PAGE 10
The End Of All
by
I was rudely awakened from this reverie of wretchedness by the crowd which surged against me with a blind, unvindictive violence. My one desire was to get uptown to the woman I loved and had neglected, and I saw that every minute was adding to the difficulty.
How I reached the Brevoort House I do not know. But there I found a number of citizens who had not utterly lost their heads, and who had come together for counsel. There was a private wire in the house, and they were receiving intelligence from several central points in the city. The looks of these men, who were huddled into the parlor, were enough to dismay the most resolute observer. Their pale faces and painfully set mouths indicated the sense of an awful crisis which wisdom did not know how to meet or avoid. A well-known citizen read the dispatches to them as they were received, and torn as I was by impatience, my curiosity held me there to hear. It was now about half-past eleven in the morning.
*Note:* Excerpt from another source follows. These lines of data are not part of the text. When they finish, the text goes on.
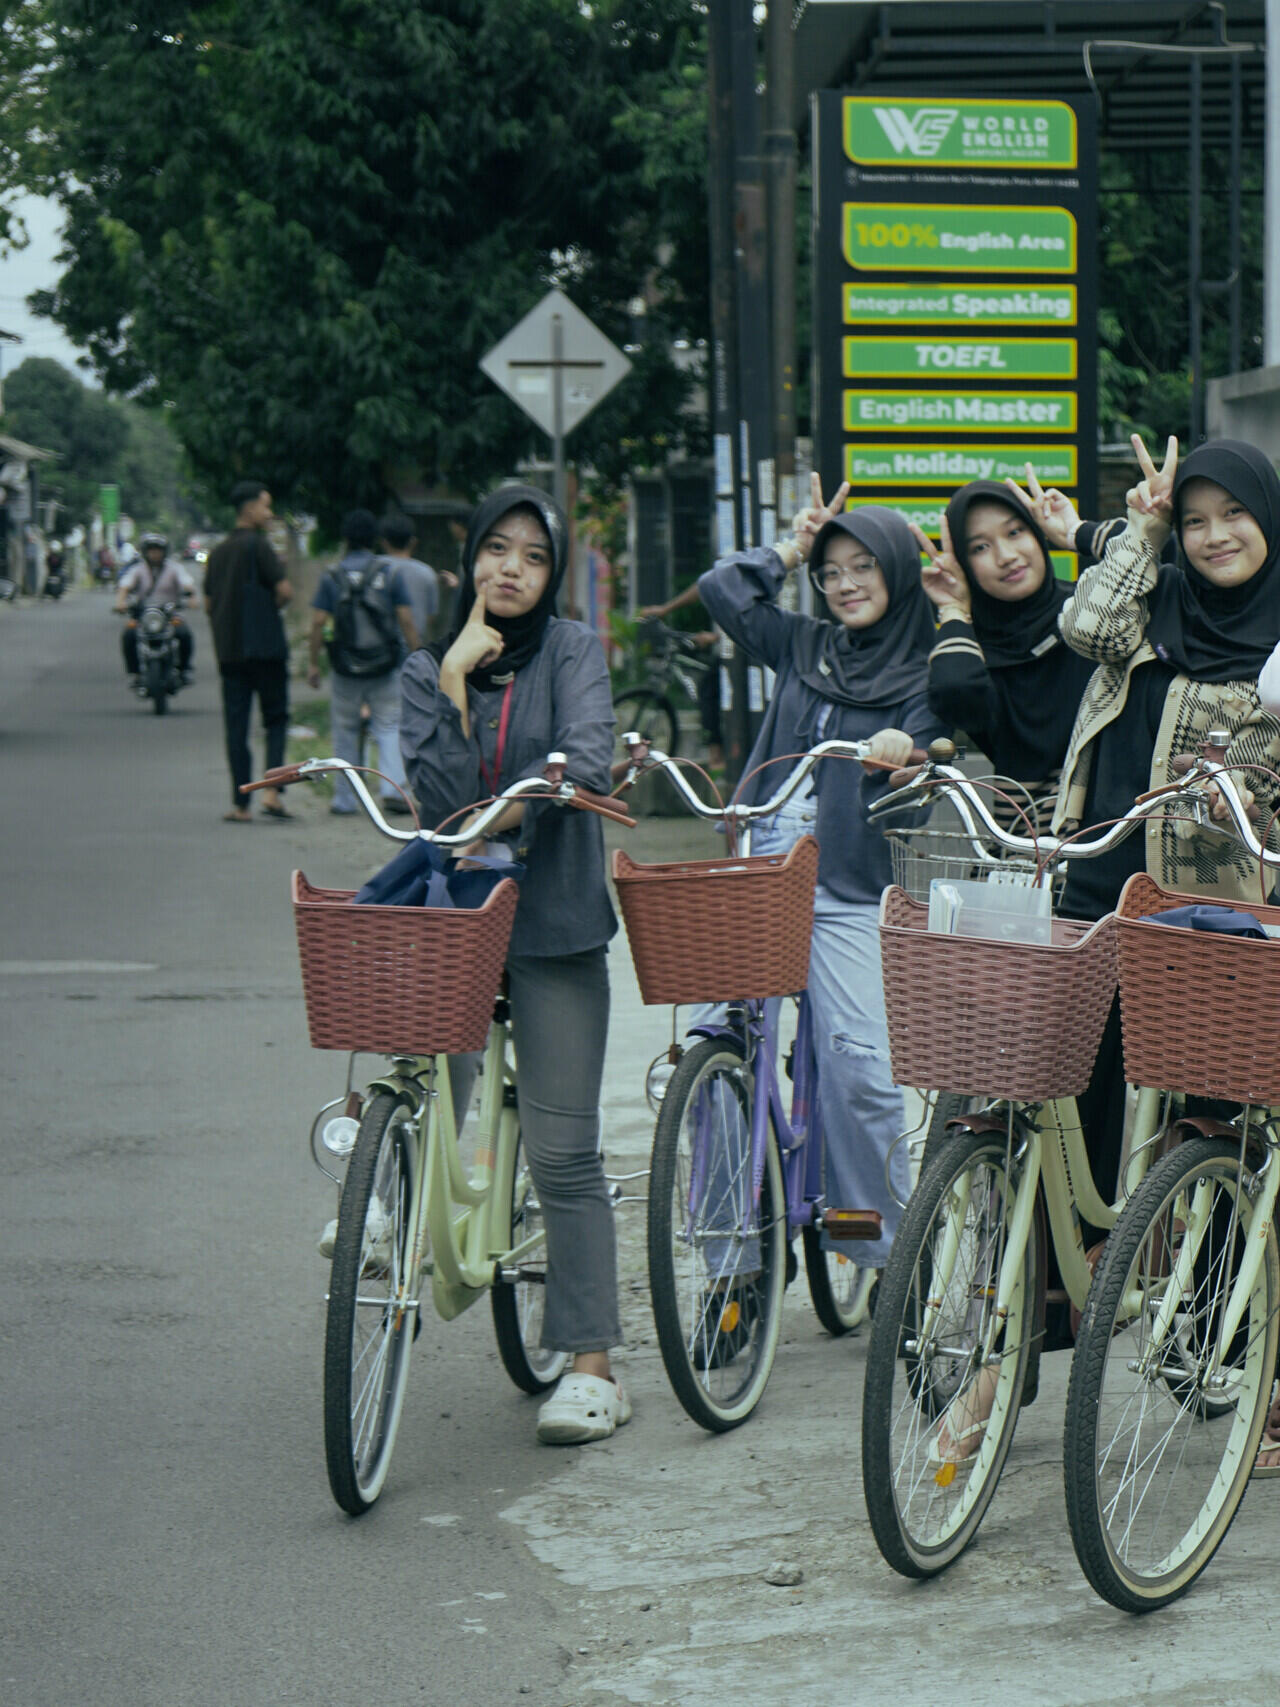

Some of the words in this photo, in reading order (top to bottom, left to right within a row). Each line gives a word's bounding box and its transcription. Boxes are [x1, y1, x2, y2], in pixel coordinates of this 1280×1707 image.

[962, 116, 1049, 132] WORLD
[961, 132, 1049, 148] ENGLISH
[855, 222, 938, 248] 100%
[940, 231, 1014, 252] English
[1018, 234, 1066, 250] Area
[850, 296, 949, 315] Integrated
[952, 293, 1071, 318] Speaking
[915, 345, 1007, 368] TOEFL
[859, 399, 952, 424] English
[954, 399, 1062, 422] Master
[853, 459, 891, 476] Fun
[893, 452, 995, 479] Holiday
[996, 462, 1070, 478] Proram
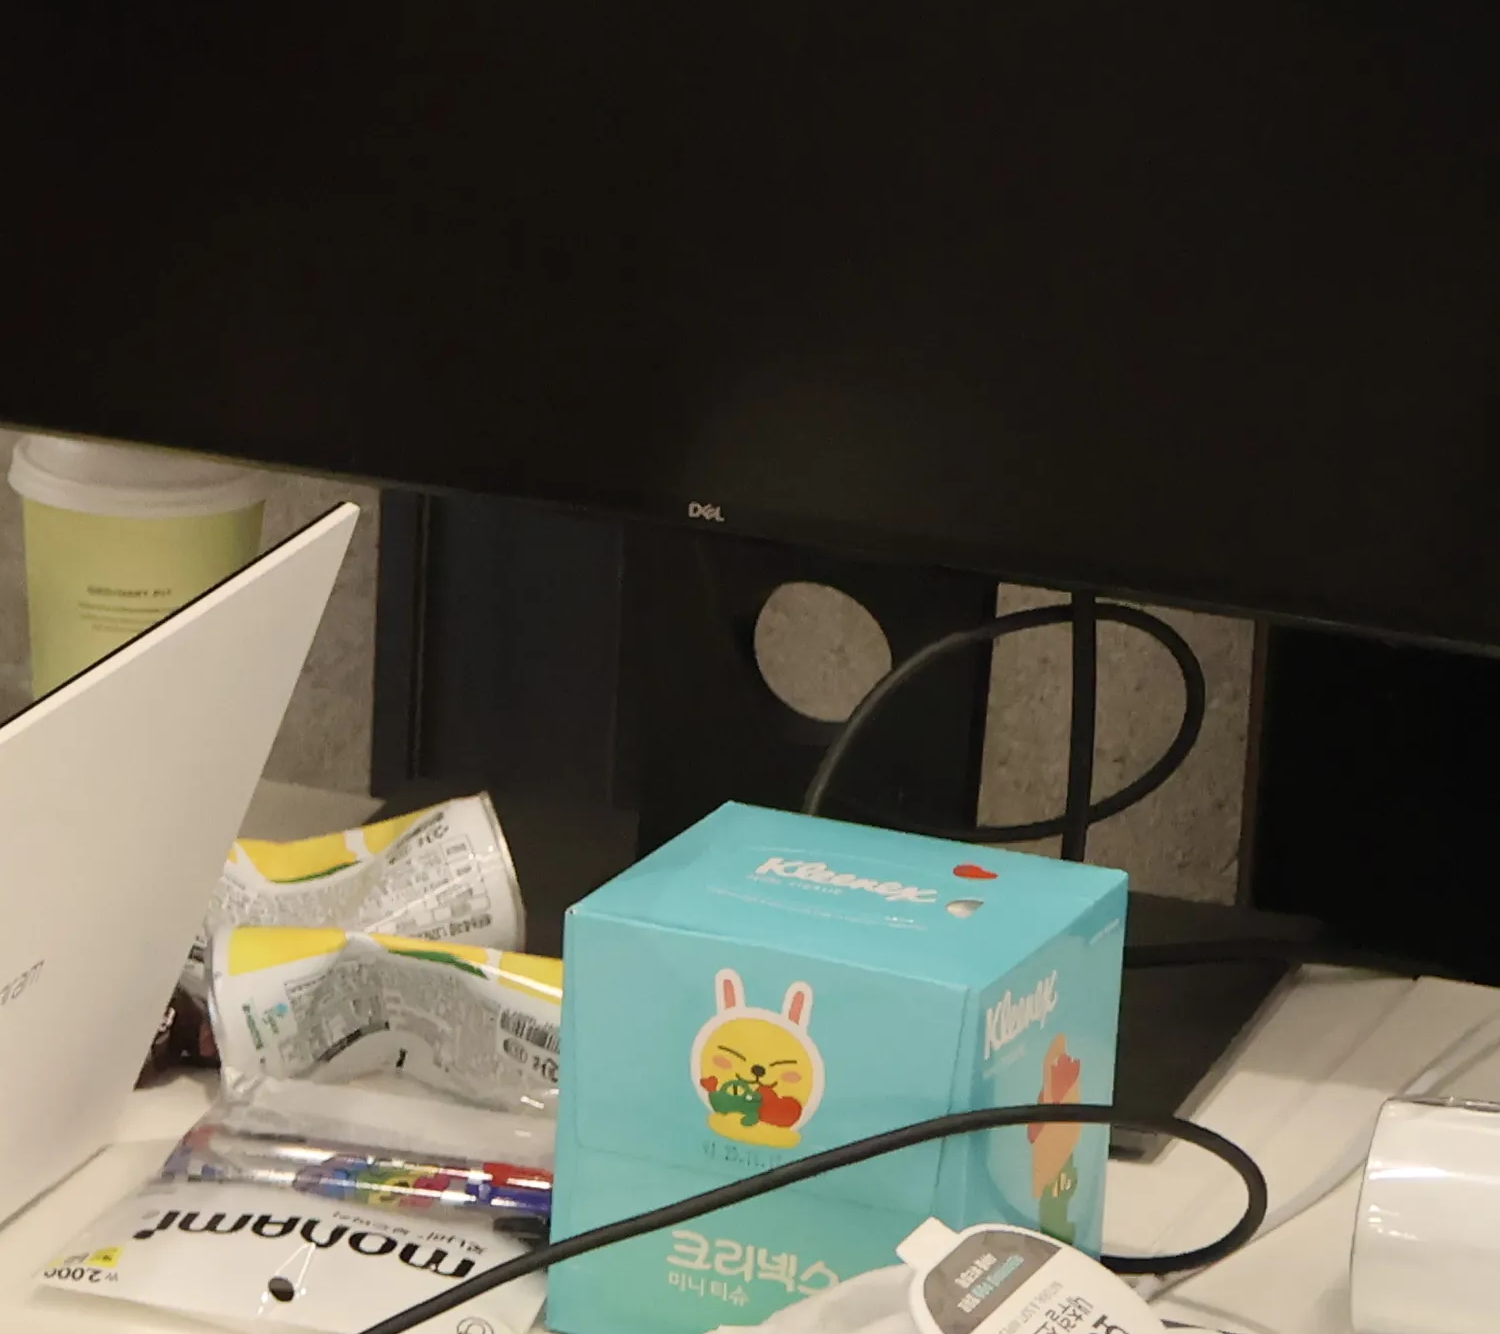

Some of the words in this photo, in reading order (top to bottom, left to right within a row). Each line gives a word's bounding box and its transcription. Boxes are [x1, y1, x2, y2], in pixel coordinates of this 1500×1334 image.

[688, 501, 725, 523] DELL
[755, 856, 938, 904] Kleenex
[984, 969, 1059, 1061] Kleenex
[133, 1208, 478, 1279] monami
[666, 1229, 841, 1295] 크리넥스
[668, 1271, 705, 1297] 미니
[1045, 1295, 1094, 1334] 내추럴
The rapidity with which events had moved since I got up was made startlingly apparent by the information here furnished. The authorities, together with a number of influential citizens, had come together as if by a common instinct at the Fifth Avenue Hotel. The Mayor, the Police and Fire Commissioners, several wealthy bankers, and a number of prominent clergymen were holding some kind of council and sending out appeals for co-operation and addresses to the public, which latter were entirely unheeded. As I forced myself into the room I saw and heard a venerable and majestic gentleman, evidently a clergyman, addressing those present in an impassioned manner. There were tears in his eyes and an awful sadness in his voice. “Men and brethren,” he said, “it is appointed unto all men once to die. If it be appointed unto us who remain to die together, let us die like Christians who still retain our faith in eternal justice and eternal mercy, and not like wild beasts that devour each other.”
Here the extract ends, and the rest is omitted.